National retail sales lifted by 0.2% month-on-month in May to $37.3bn, the level up 3.3% on 12 months ago but down from a 3.8% pace last month. Although inflation has eased significantly and the RBA has cut rates twice this year, the higher cost of living and weak sentiment have been keeping households quiet. Sales growth has averaged just 0.1% across the past 3 months.  


At the category level, clothing and footwear sales accelerated by 2.9% in the month - its strongest rise since February 2024 - after warmer weather saw households delaying winter clothing purchases. This had the effect of holding up headline sales growth against outcomes that were either flat or negative in the other categories (see table above). It also led discretionary sales (0.6%) to post their fastest rise in 6 months. But, overall, this was a weak report consistent with households remaining constrained.    

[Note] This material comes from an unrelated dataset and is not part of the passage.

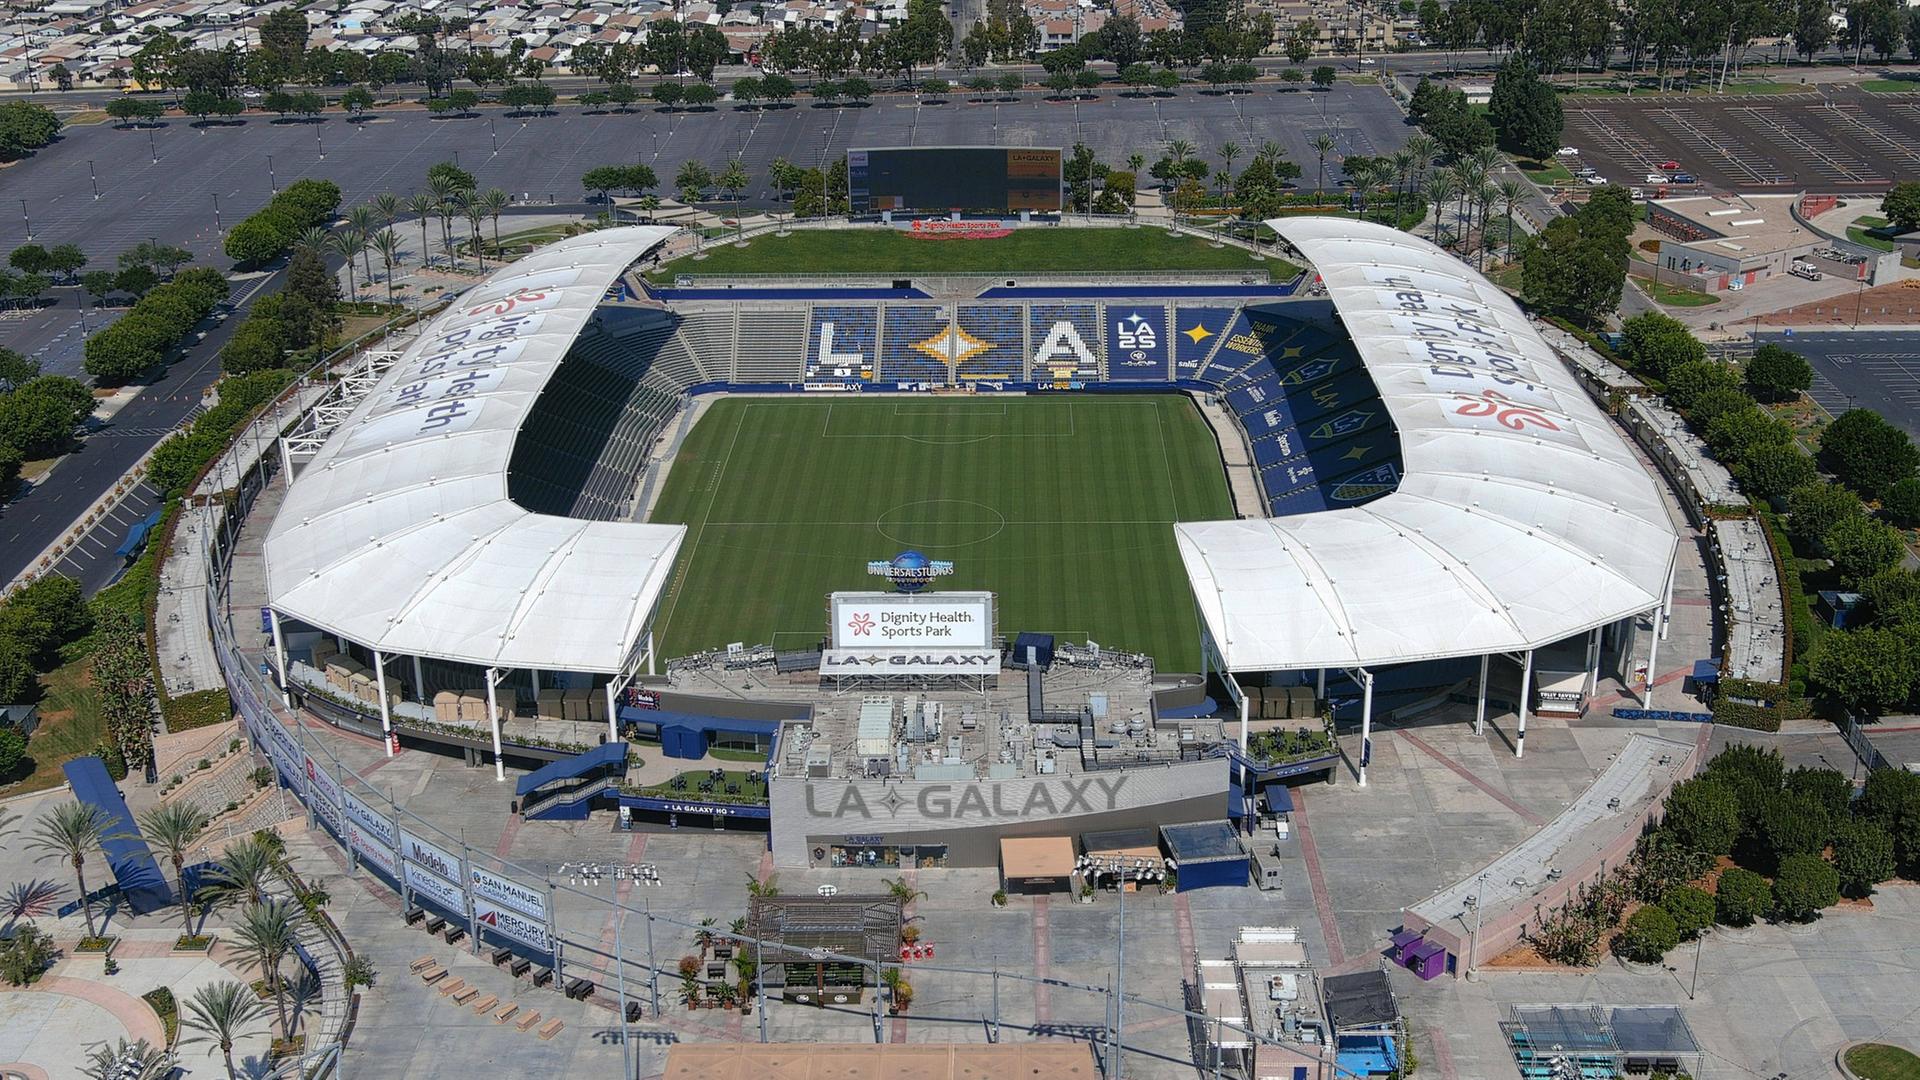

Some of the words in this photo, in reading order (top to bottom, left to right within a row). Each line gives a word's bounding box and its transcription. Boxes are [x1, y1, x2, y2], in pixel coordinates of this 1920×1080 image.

Sales growth across the states has been volatile month to month in 2025, as shown in the chart below. In the two largest states of New South Wales and Victoria, sales were up 0.1% and 0.2% respectively - very modest rebounds in the context of their declines in April (NSW -1% and Victoria -0.4%). Sales in Queensland stabilised (0.1%) from the post-cyclone rebound in April. Meanwhile, sales momentum in Western Australia remains the strongest of all states rising by a further 0.7% in May, their 7th consecutive rise.